Education systems across Latin America are taking steps towards allowing more innovation – some more, some less. But in the case of Brazil, the arrival of innovative new actors is looking more like an invasion.
Each year, Sao Paolo hosts LearnFest, a global conference whose goal is the promotion of educational innovation through entrepreneurship and technology. The event gathers both political and business leaders and its organizer, Russell Goldman, is optimistic about the future. “Brazil has long-since been a global leader in digital engagement, but over the past five years there has been an explosion in entrepreneurial activity. A revolution that began with a new wave of e-commerce entrepreneurs, developers, and e-cosystem building organizations is now spilling over into regulated, impact-focused industries like education and health.” he says. “It really is both exciting and inspiring.”
Brazil’s education systems are in dire need of improvement, as learning quality remains low for too many students.
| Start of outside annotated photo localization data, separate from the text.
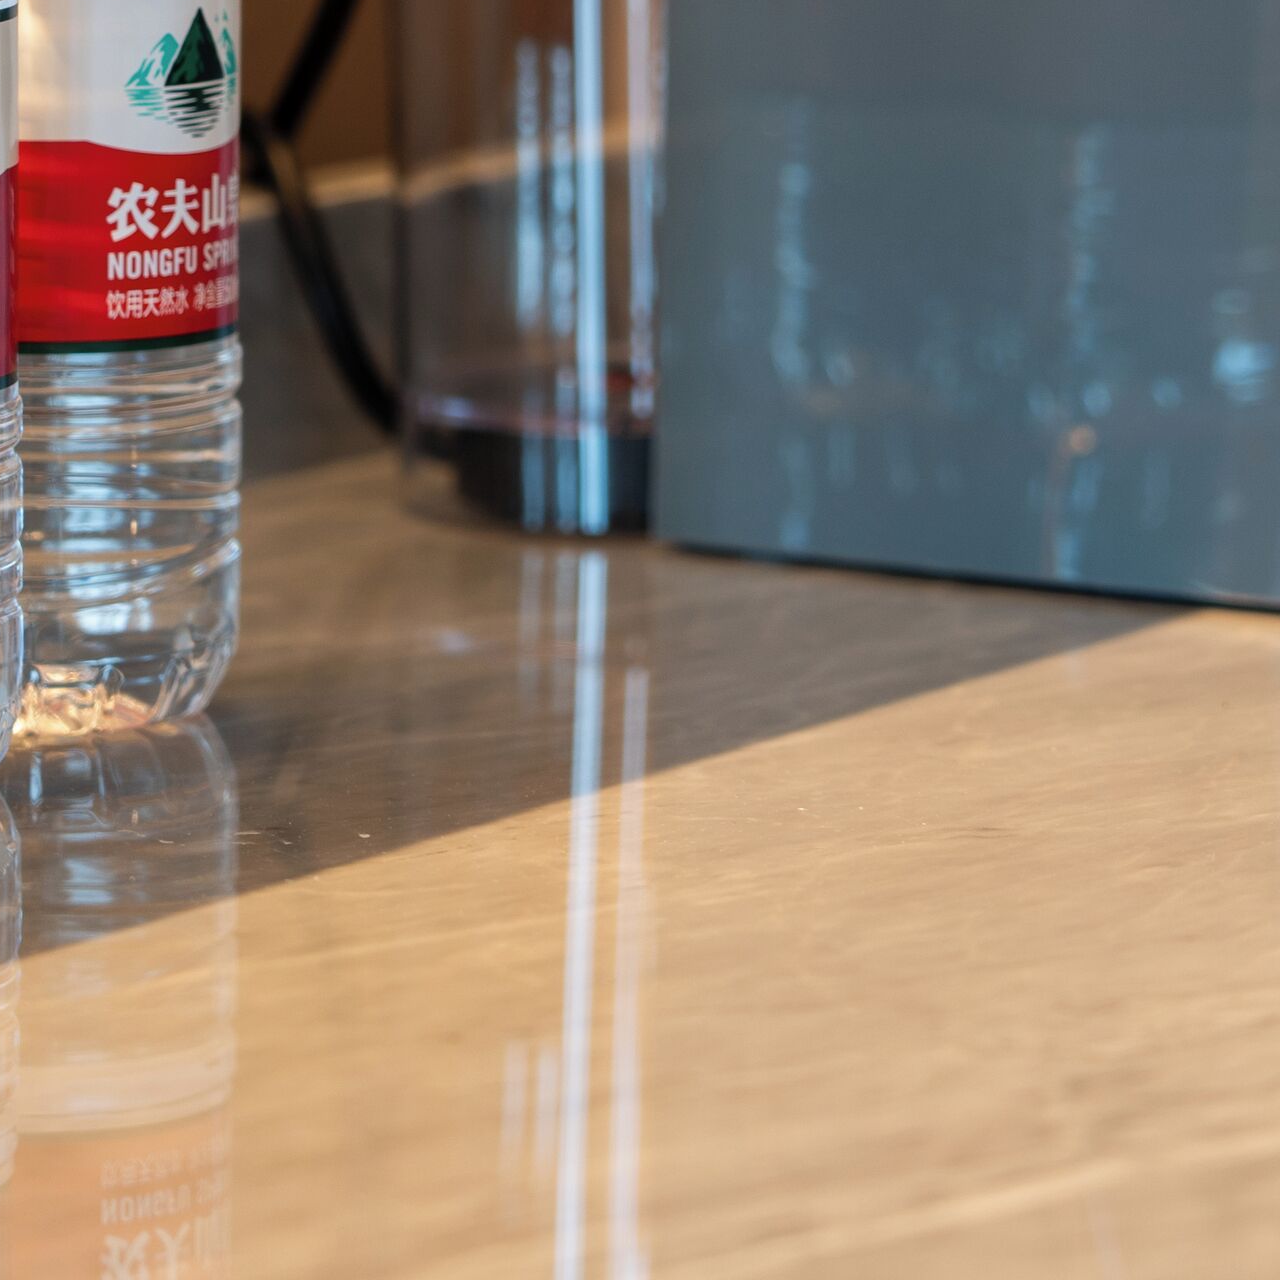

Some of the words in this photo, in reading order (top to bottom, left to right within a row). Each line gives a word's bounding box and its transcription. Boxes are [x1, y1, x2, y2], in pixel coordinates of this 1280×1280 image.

[107, 245, 198, 280] NONGFU
[106, 285, 189, 319] 饮用天然水
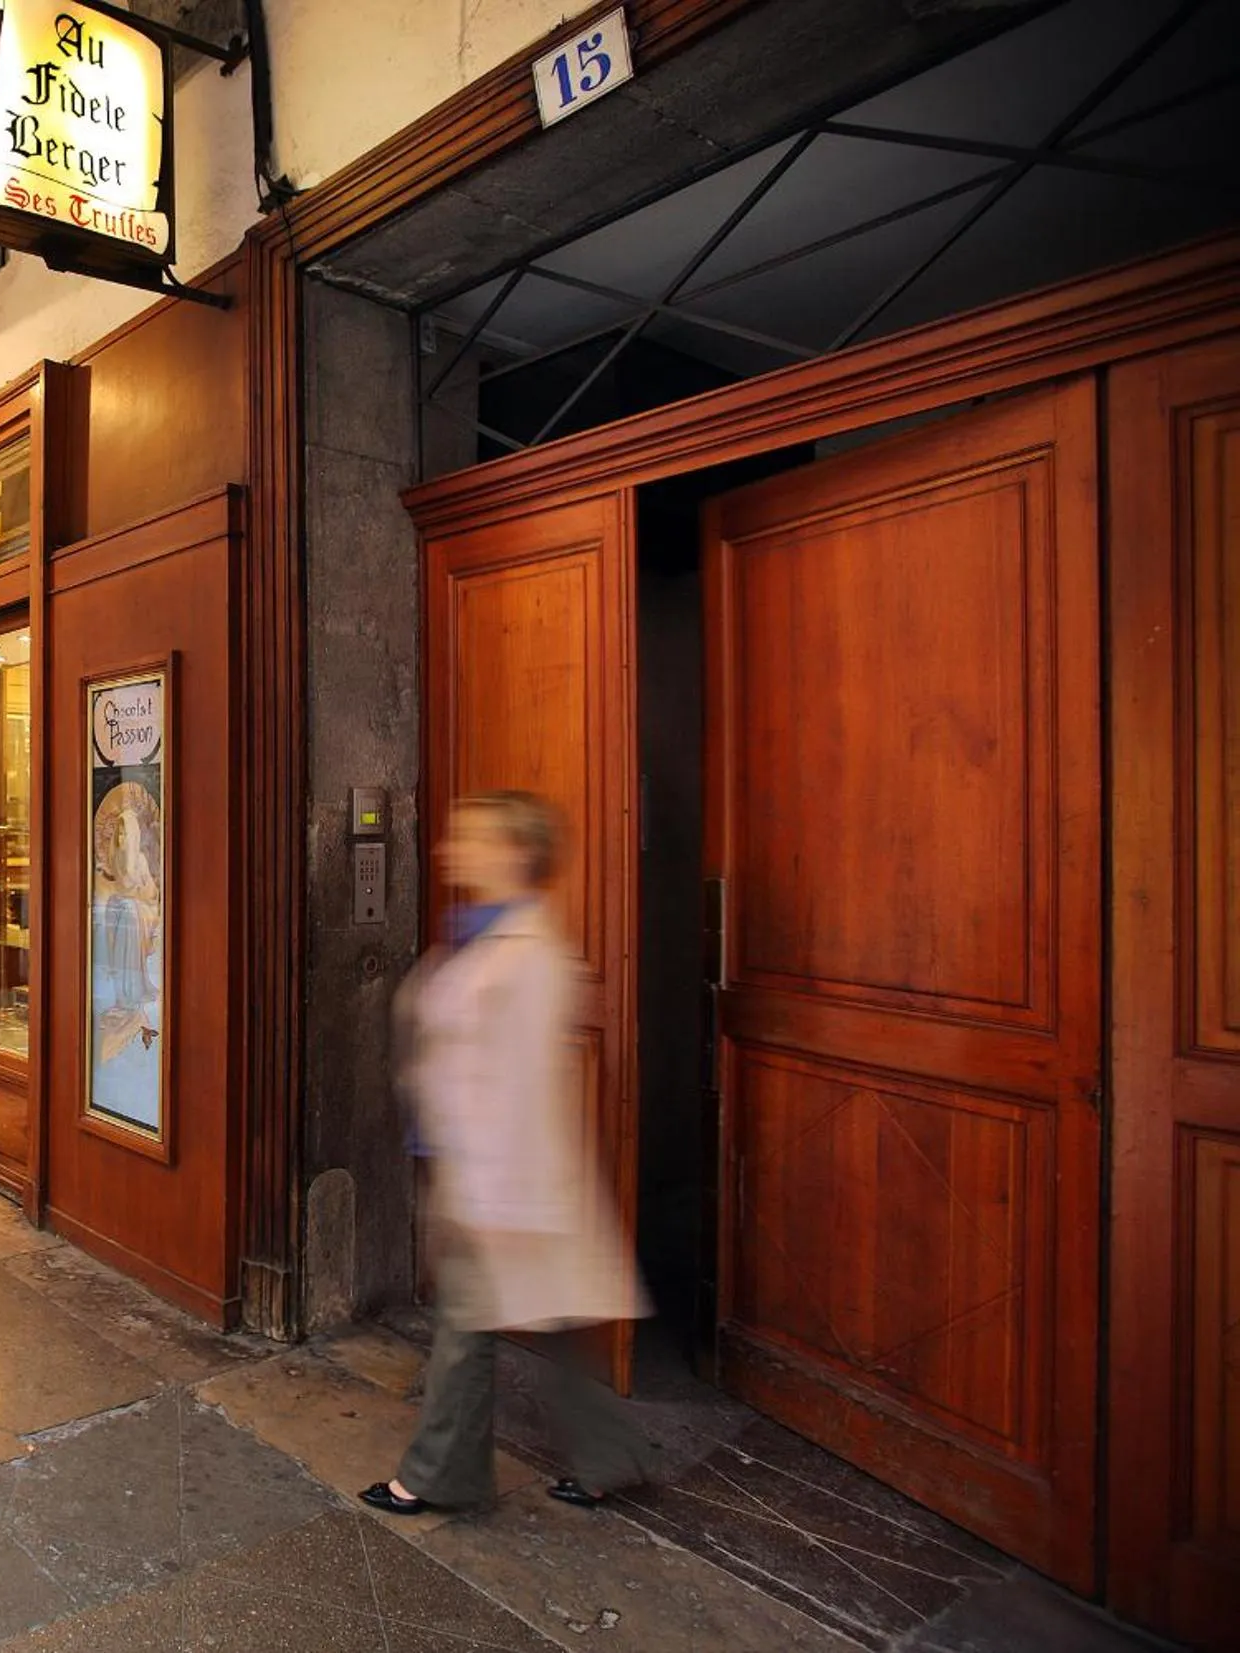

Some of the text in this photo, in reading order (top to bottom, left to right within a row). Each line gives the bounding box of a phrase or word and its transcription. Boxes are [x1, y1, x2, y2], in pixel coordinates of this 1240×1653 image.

[55, 13, 104, 68] Au
[551, 32, 611, 108] 15
[21, 62, 126, 131] Fidele
[5, 109, 126, 187] Berger
[4, 177, 57, 217] Ses
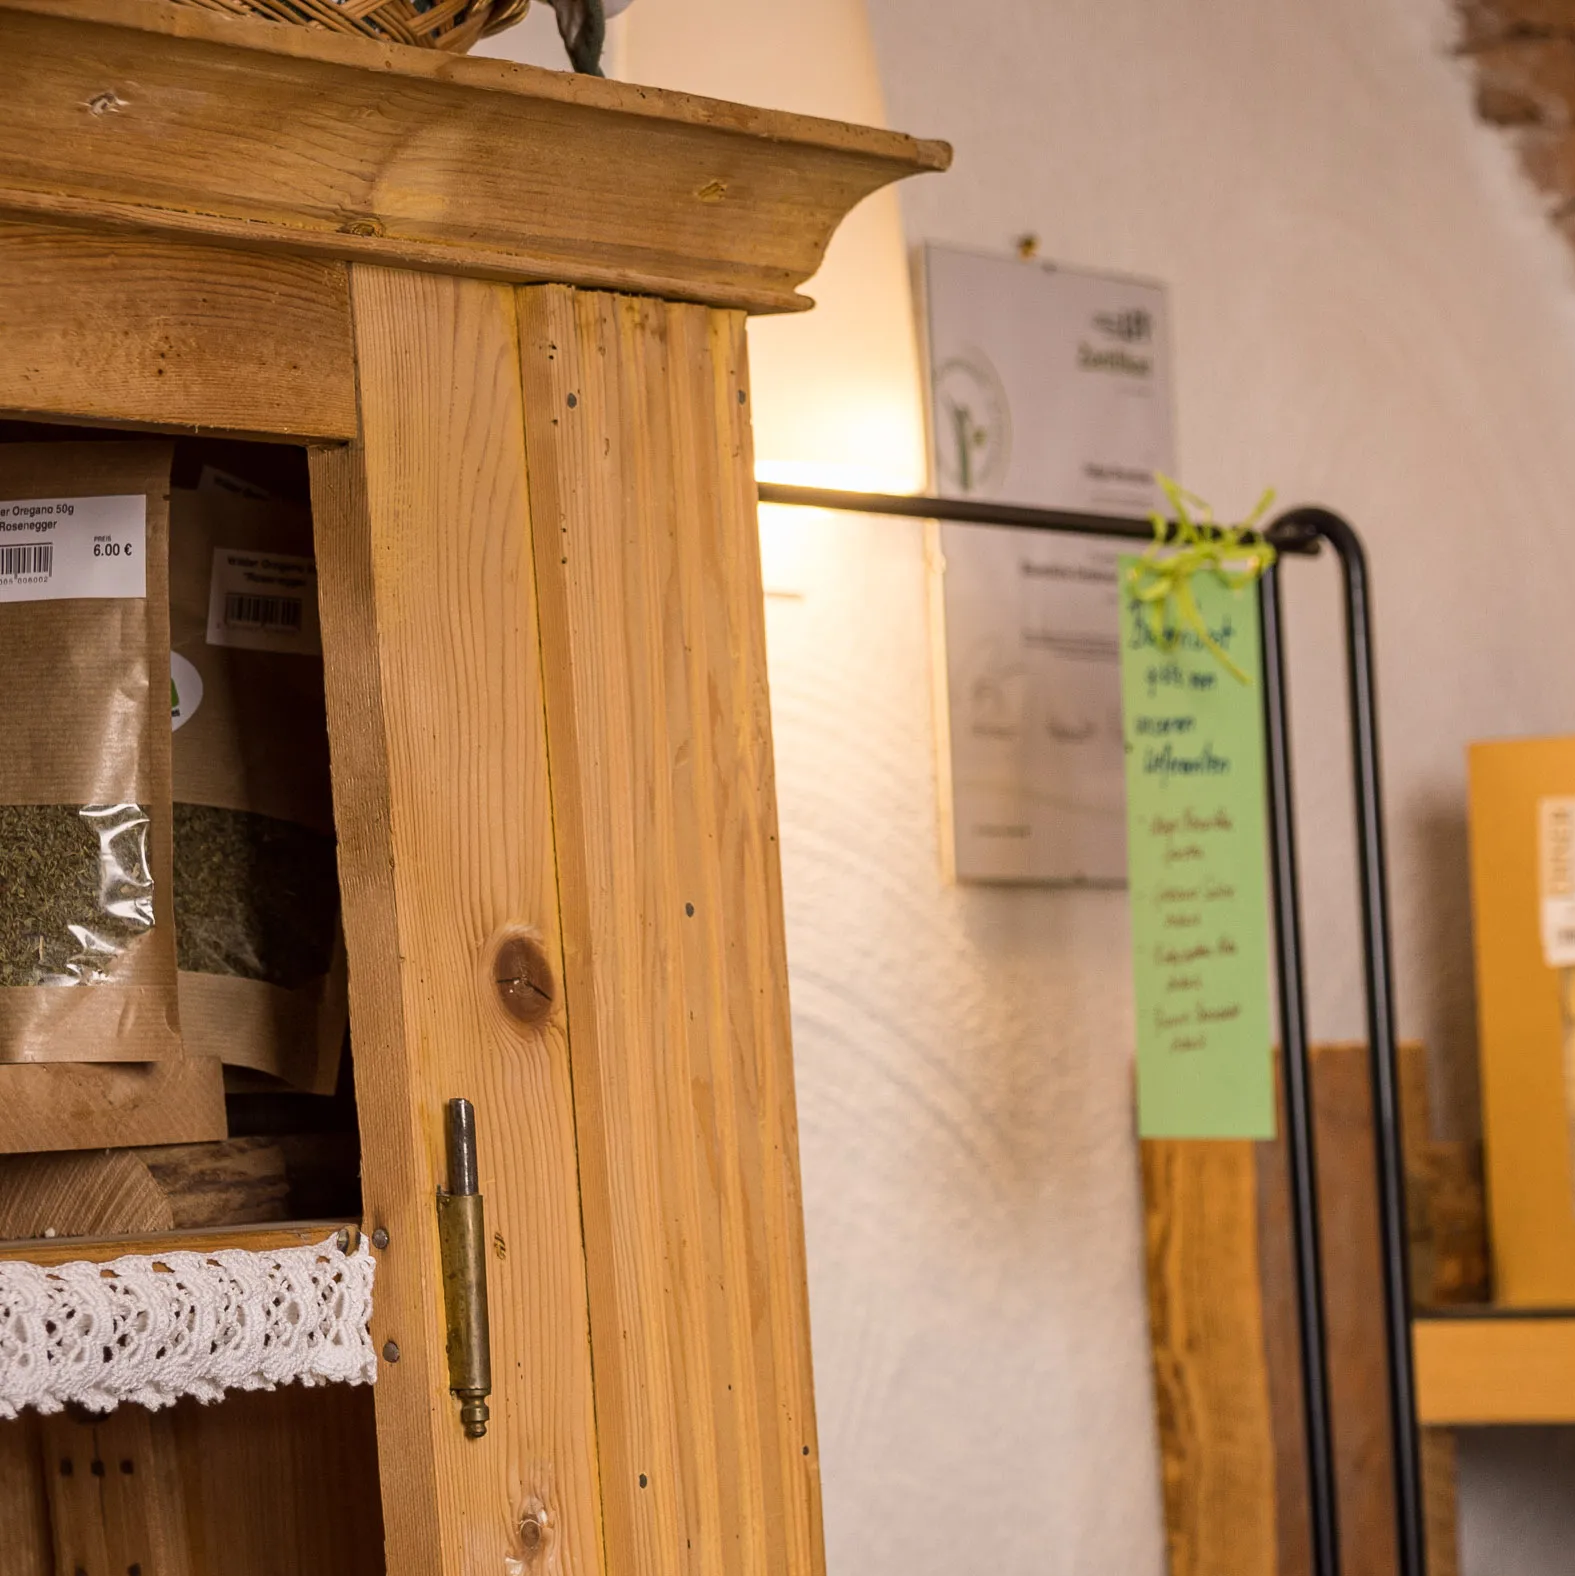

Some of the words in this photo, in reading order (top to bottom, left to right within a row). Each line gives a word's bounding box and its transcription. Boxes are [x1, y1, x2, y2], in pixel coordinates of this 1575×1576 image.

[12, 505, 54, 518] Oregano
[55, 504, 75, 516] 50g
[0, 520, 58, 533] Rosenegger
[93, 543, 121, 557] 6.00
[124, 543, 133, 556] €
In the latest OECD PISA evaluations, Brazil scored 391 points in math, compared to the mean of 494, and in science, Brazil scored the second lowest result of all participating countries.
And in reading, the country scored 410 compared to a mean of 496 points. Put another way, according to the OECD, the percentage of 15 year olds that fall short of PISA’s basic reading proficiency is 50 percent –compared to 19 percent in other OECD countries.
These numbers are particularly troublesome because they demonstrate that Brazil’s education is not keeping up with the country’s increasing economic success. The Brazilian middle class has expanded from 38 percent of the population to over 50 percent in just a decade. But these rising incomes don’t paper over the fact that the quality of education children have access to is still largely determined by their socioeconomic conditions.
Access continues to be a problem as well, with high dropout rates plaguing the system – especially for the lowest income students: only 23 percent of the poorest quintile of students graduate from high school. In addition, only 11 percent of Brazilian adults have any post-secondary education, which is below the OECD average and falling further behind.
At this year LearnFest, this point was driven home by Denis Mizne, the Executive Director of Brazil’s non profit Fundacao Lemann. Founded in 2002 by the successful businessman Jorge Paulo Lemann, the Lemann Foundation seeks to leverage innovative technologies and techniques to deliver better educational outcomes.
Mizne was clear that curriculums need to be adapted to the 21st Century if they are to be effective in reaching students. “As we have seen in all sectors of society, technology will soon saturate everything,” he argued. “Schools, parents, students – the whole education ecosystem.” He adds, “In Brazil, we have the basics: infrastructure, teachers, school meals. But we need students to actually learn, which is where innovation can really add value.”
There are also some Massive Online Open Courses (MOOCs) being developed as well, with Veduca being the most famous example. Veduca takes courses from world class universities like Harvard, Yale, and MIT, and makes them available in Portuguese – and their videos currently have over 230 million views throughout Brazil.
The American Ky Adderley is another example of the culture of innovation taking hold in Brazil. Adderley started as a teacher in Washington, DC, and founded his first charter school at age 30 in Brooklyn, New York. Then, in 2011, he took his expertise to Rio de Janeiro, where he worked with the local groups Sistema Elite and Gera Ventures to create a new network of similar schools. “Personalization, blended learning, and adaptive curriculum are all present in every debate here in Brazil,” he says.
As in all Latin American countries, the role of teachers is an extremely important part of the debate over education quality. Rafael Parente, who was an Under Secretary for Education for the city of Rio de Janeiro, argues that, in order to keep up with these changes, teacher education and training should also include the soft skills – team work, critical thinking, and adaptability – that the labor market is increasingly demanding of students.
Indeed, in Rio, the city government has made a concerted effort, through a number of initiatives, to instill in its teachers the values of being able to change and adapt – before they ever sit down to learn the specifics of new technologies. Parente points out that teachers are often challenged by these adaptations, given that they did not begin their careers as “digital natives”. But at the same time, they are still young enough – with most between 30 and 45 years old – to be able to learn new ways of doing things.
One key in the case of Rio, as it has been elsewhere, was getting civil society groups involved in pushing for new methods. In Parente’s words, “innovation is spreading in Brazil, but we need more bottom-up pressure, from civil society, from NGOs, and pressure on political leaders to keep pushing for reform.”
Adderley concluded “Brazilians are still not upset enough with the low quality of education,” nor do they demand enough from their political authorities. “There is more need of that in Brazil.”